One, I have been very busy with 4-6 hours/day of dog sports. Pup and I are exhausted. I have REALLY enjoyed it. Loved every minute of it. After each morning of sport, I have taken the kids back-to-school shopping or to other various activities like the county fair. I have been so busy I barely had time to think, and I like it that way. I like not sitting around worrying about food and diets and feeling sorry for myself for getting fat. I like being IN life and not a spectator anymore. I have had a WONDERFUL, enjoyable week!
Two, underneath it all I feel like I am imploding. The eating plan is not going well at all. The thing that makes my headaches go away is carbs, lots of carbs, and Coke, not diet. Once I found this out it became way too tempting to "fix" a headache with a sandwich and a Coke. Or a dish of ice cream. I don't really get why that kind of crap food makes the headaches go away, but it does. But then they do come back. So my meals have looked like this: breakfast is either a whole grain, protein-enriched waffle with natural, sugar free almond/flax butter and fresh local blueberries on top, or 2 free range eggs scrambled with a piece of whole wheat toast and a small glass of juice. I have coffee or tea with it. Lunch is whatever random thing I grab, like a sandwich or leftovers or a Carb Balance tortilla with meat, lettuce and tomatoes in it. Dinner has been insane... I have been busy, and have had a 6" steak sub a couple times or 2 slices of pizza or some of that stew I made. But in between, the *addiction* and almost inability-to-resist carbs/sweets is back. It is SO HARD to tell myself no lately. I pick regular Coke instead of Diet because it "fixes" the headache. I have an ice cream cone or a candy bar or some cookies because it is easy. I tell myself to eat a damn peach instead but I don't do it. It feels unhealthy, and icky, and bad, and although I have avoided the scale like the plague, I am pretty sure it ain't going down. My clothes are tight. This morning I had a closet crisis because the midsection bulge is back, and it looks horrid under 90% of my shirts now. I am taking Aleve on a daily basis for my joint pain. And I am feeling a bit unsettled about what to do about all this.

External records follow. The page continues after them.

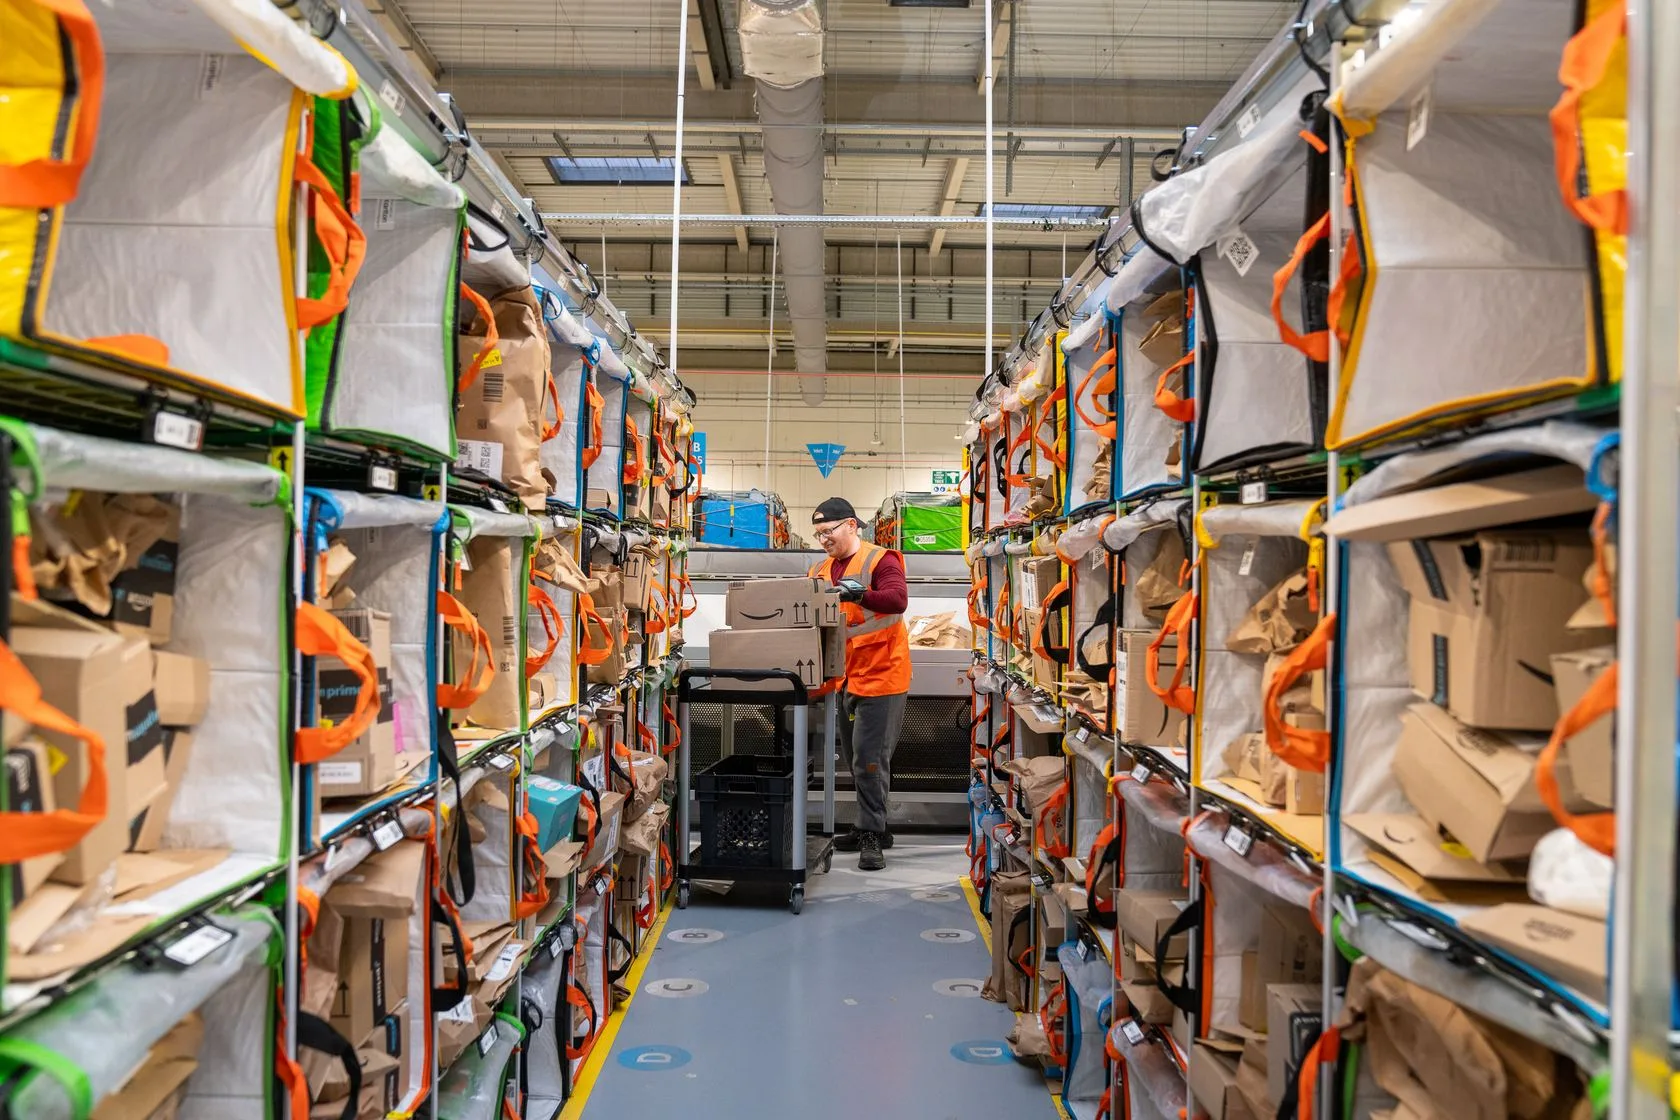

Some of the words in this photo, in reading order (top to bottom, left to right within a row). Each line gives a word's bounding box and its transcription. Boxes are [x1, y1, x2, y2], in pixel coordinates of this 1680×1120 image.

[693, 442, 701, 452] B
[663, 983, 693, 992] C
[949, 983, 979, 991] C
[636, 1052, 672, 1063] D
[969, 1047, 1002, 1058] D

I had a dream last night... a vivid, emotionally heart-wrenching dream in which the two Big Things that drive my emotional distress were right before me. I know what they are; one of them is the age-old mother issue, which I thought I had long since gotten over but obviously it still drives me to some degree. The other, bigger thing, I don't blog about. But trust me, I know it. Oh, the tears I shed this morning waking up from that dream. And it is, in fact, those two issues (which are actually one and the same in a roundabout way) that give me a pit of the stomach, root of the soul panicky drive to eat. And eat. And eat.
No counselor is going to fix this thing. I have to fix it. It is not something I can "talk through" anymore than I have already done here and in my private journalings. It is an action issue. It may not be fully in my control, but avoidance by eating is certainly not the answer. But oh, how it hurts to not eat...
Food has no appeal to me, as I have mentioned some time ago. It is not a matter of my "wanting" pizza or cookies anymore. Somewhere along the last 6 months, that passed. When I eat them now, they just don't taste that good anymore. It is now a matter of a compulsion to fill that emptiness and drown out the fears and worries and emotional pain with *some other sensation.* I guess cutting or drinking or drugs would do just as well, but isn't eating the most convenient, socially acceptable thing one (especially a mother) can do to drown one's pain? That's why we're fat, I think...
If I can somehow get a grip long enough to get my cravings under control again, I can yank myself back onto the path to better health. I have to stop pretending this isn't happening.